The fraternal birth order effect is the strongest known biodemographic predictor of a male's sexual orientation.[3] According to several studies, each older brother increases a man's odds of having a homosexual orientation by 28–48%.[4][5][6][7][8] The fraternal birth order effect accounts for approximately one seventh of the prevalence of homosexuality in men.[9] There seems to be no effect on sexual orientation in women, and no effect related to the number of older sisters.[10][11]

That said I don't think that this effect accounts for all male homosexuality, and my understanding is there is a genetic component. Regardless, as far as I can tell the statistics would not support such an assertion.
 
http://en.wikipedia.org/wiki/Prenatal_hormones_and_sexual_orientation

This Wiki sums up a lot of the current theories and speculations currently running around including the Birth Order Theory

And here is a list of some recent studies on Endocrine disruptors in the environment, which kind of ties in....much of the science is still at the animal level, and hasn't been proven in humans yet.

http://www.niehs.nih.gov/health/topics/agents/endocrine/

Here is something more specific, a student lesson on endocrine disruptors and gender in animals.

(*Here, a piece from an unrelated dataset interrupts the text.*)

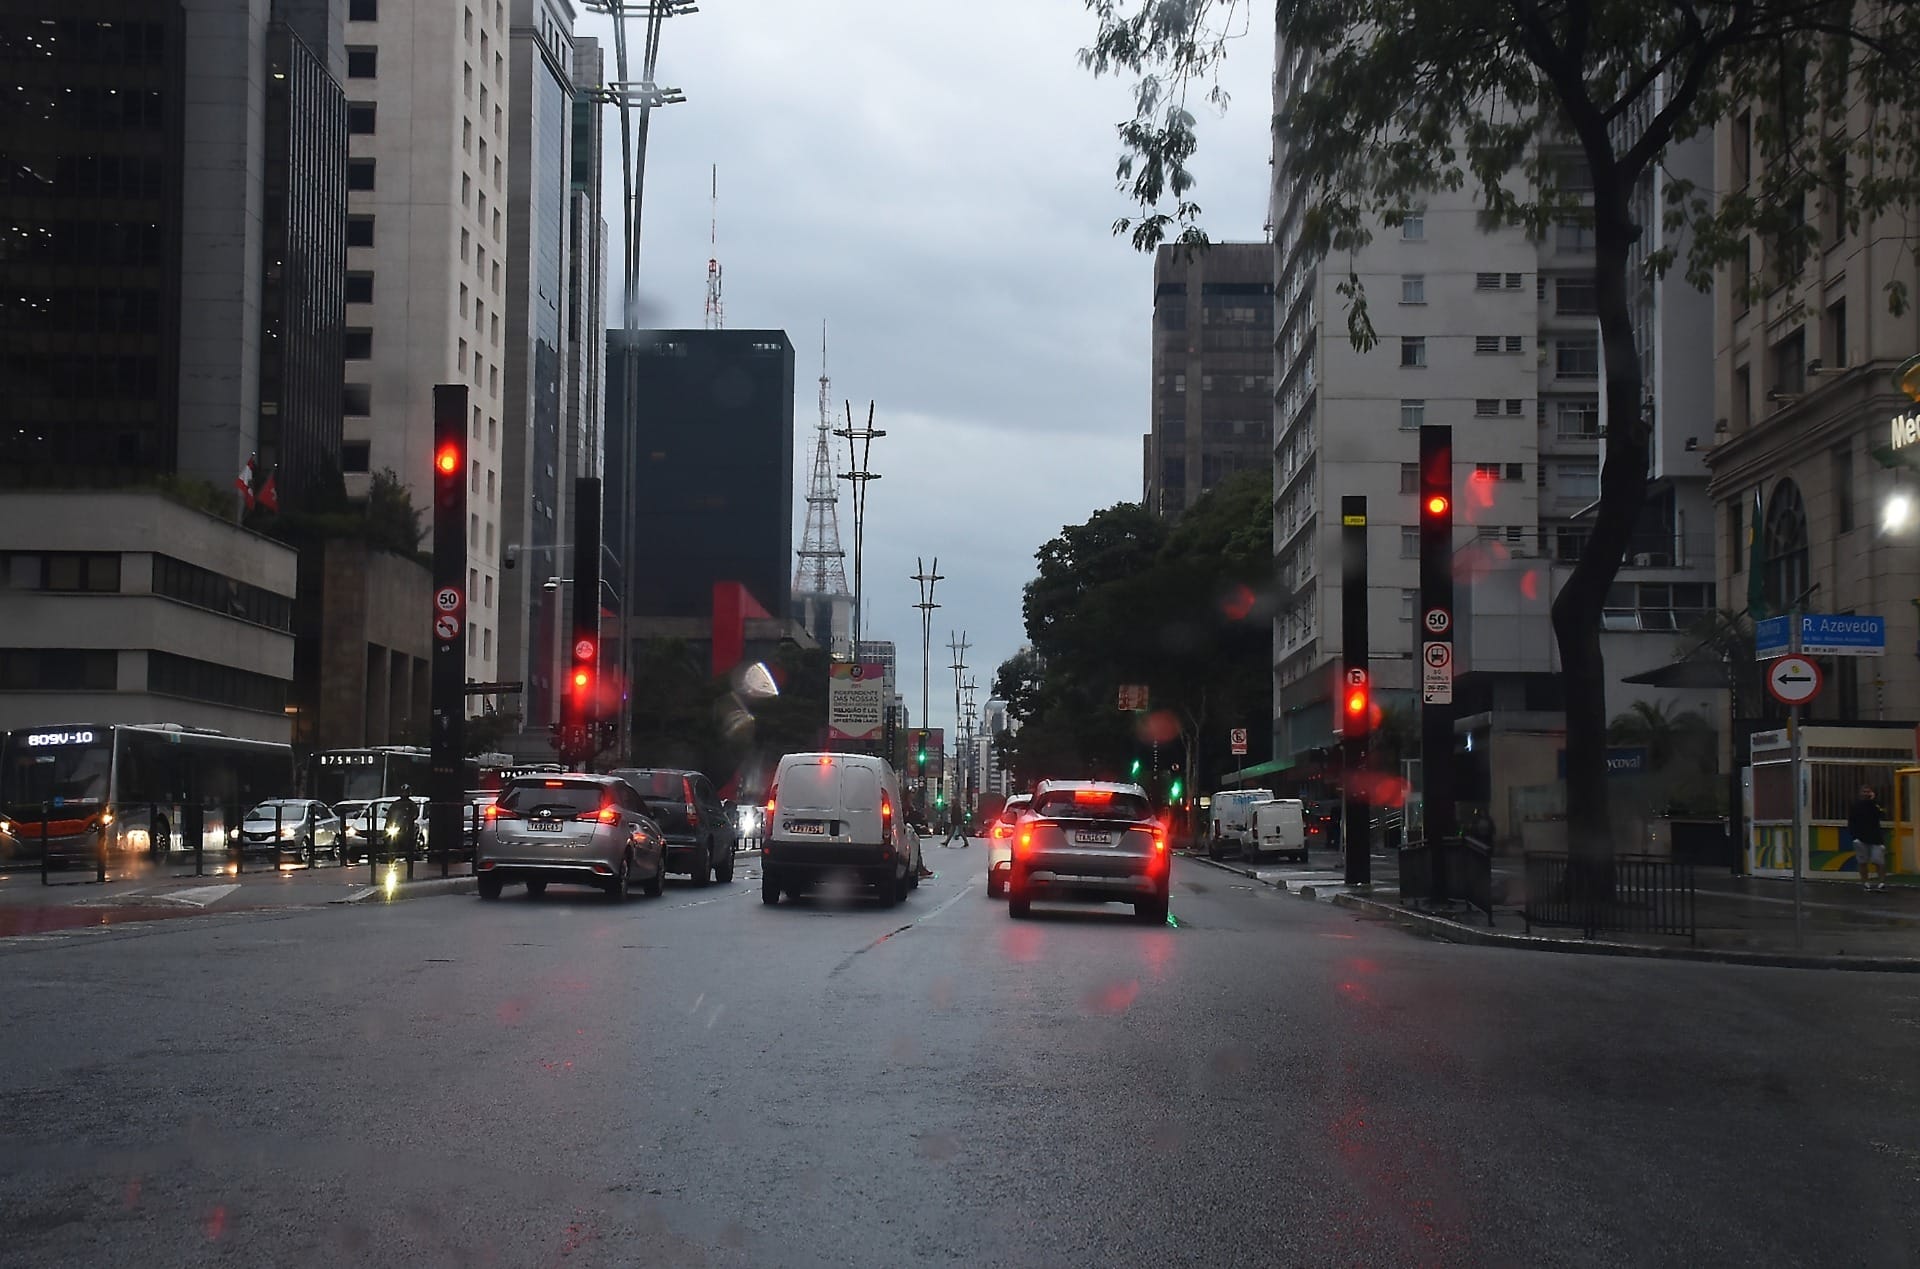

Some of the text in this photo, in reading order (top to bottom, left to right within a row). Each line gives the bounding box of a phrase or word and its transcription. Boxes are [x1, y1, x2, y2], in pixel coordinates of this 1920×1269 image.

http://www.niehs.nih.gov/health/ass...on_are_edcs_blurring_issues_of_gender_508.pdf

And here is a whole PDF from the World Health Organization on the current level of the science.
http://www.who.int/ceh/publications/endocrine/en/
 
A partial mechanism for some cases of autism...
Useful in the sense that it raises a hell of a lot of potentially good questions.

BTW: Most cases of autism where the cause has been identified (about 5%) are Fragile-X syndrome. It is a direct genetic cause... but even that is a bit odd since the mutation is a repeated triplet, and the severity of the symptoms correlates with the number of repeats present. So even Fragile-X alone produces a specturm.

PS: The Fragile-X mutation was only sequenced last year because big repeats are basically impossilbe to sequence using short-read shotgun methods. We have cool technology to do long reads (up to about 15kb), but sadly it is relatively expensive so not really tractable to do whole genomes.
 
I find this encouraging. Knowing the causes of 'autism', notably AS may finally allow us to trigger it explicitly at a respectable rate, while more reliably avoiding non-functional autism disorders.

Seriously, all of the most respectable people, who are most devoted to dispassionate discussion of important issues, the ones who contribute the most novel ideas without the emotional investment that makes discussion impossible, these people have strong expressions of AS. The world would be a poorer place if people like me were 'socially normal' because that 'normality' is actually a hinderence.

At my workplace there's 30% AS representation, compared to the ~.5% representation within society. That can't be an accident. Software engineers, true philosophers (not Ions), chemical engineers. I'll take being clumsy and not being able to learn how to assert position in an unqueued line, in exchange for being able to model those things explicitly after observation and analysis, and then maybe making a computer that does it for me.
 
Seriously, all of the most respectable people, who are most devoted to dispassionate discussion of important issues, the ones who contribute the most novel ideas without the emotional investment that makes discussion impossible, these people have strong expressions of AS. The world would be a poorer place if people like me were 'socially normal' because that 'normality' is actually a hinderence.
It seems that early intervention (in the form of specialized play, exercizes, socialization, ect.) can greatly mitigate difficulties people with mild and moderate ASD face later on. The current standards (at least in Yolo county CA) are for intervention to start as soon as possible, normally between ages 2 and 3. Severe ASD is, well, severe, but mild cases can hopefully just become non-imparing variation.

BTW: Fragile-X normally causes some generalized retardation, so that appears to be pretty much "all bad" IMO.